Required action: Below are records with pictures in them; print them exactly, omitting the pictures.

Entries provided:

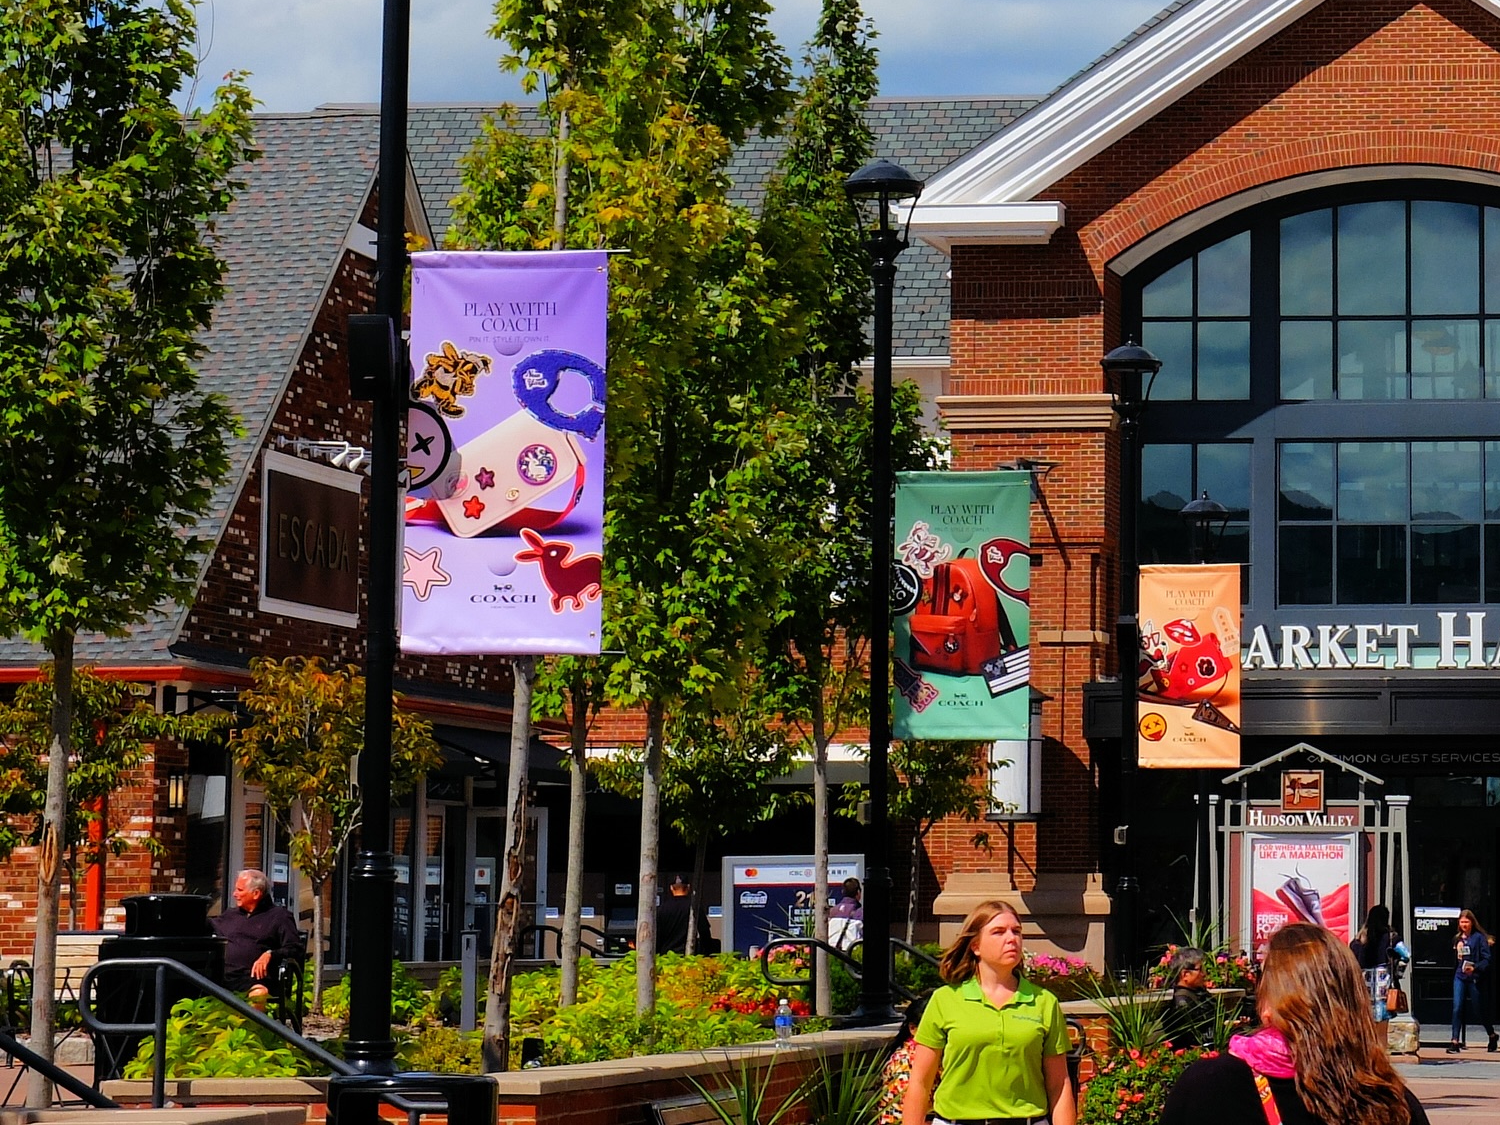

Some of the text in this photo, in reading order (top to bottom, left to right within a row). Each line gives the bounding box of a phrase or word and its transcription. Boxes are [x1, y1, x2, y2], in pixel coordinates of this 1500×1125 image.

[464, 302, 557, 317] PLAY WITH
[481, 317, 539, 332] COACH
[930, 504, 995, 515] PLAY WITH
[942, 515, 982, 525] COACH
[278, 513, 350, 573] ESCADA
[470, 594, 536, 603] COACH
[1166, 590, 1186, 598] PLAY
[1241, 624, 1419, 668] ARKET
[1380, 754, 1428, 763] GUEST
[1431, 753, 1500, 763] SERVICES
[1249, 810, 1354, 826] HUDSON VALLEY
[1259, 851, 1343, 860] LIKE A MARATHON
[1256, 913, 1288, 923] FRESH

Solution to this exercise:
Some of the text in this photo, in reading order (top to bottom, left to right within a row). Each line gives the bounding box of a phrase or word and its transcription. Boxes are [x1, y1, x2, y2], in pixel coordinates of this 1500×1125 image.

[464, 302, 557, 317] PLAY WITH
[481, 317, 539, 332] COACH
[930, 504, 995, 515] PLAY WITH
[942, 515, 982, 525] COACH
[278, 513, 350, 573] ESCADA
[470, 594, 536, 603] COACH
[1166, 590, 1186, 598] PLAY
[1241, 624, 1419, 668] ARKET
[1380, 754, 1428, 763] GUEST
[1431, 753, 1500, 763] SERVICES
[1249, 810, 1354, 826] HUDSON VALLEY
[1259, 851, 1343, 860] LIKE A MARATHON
[1256, 913, 1288, 923] FRESH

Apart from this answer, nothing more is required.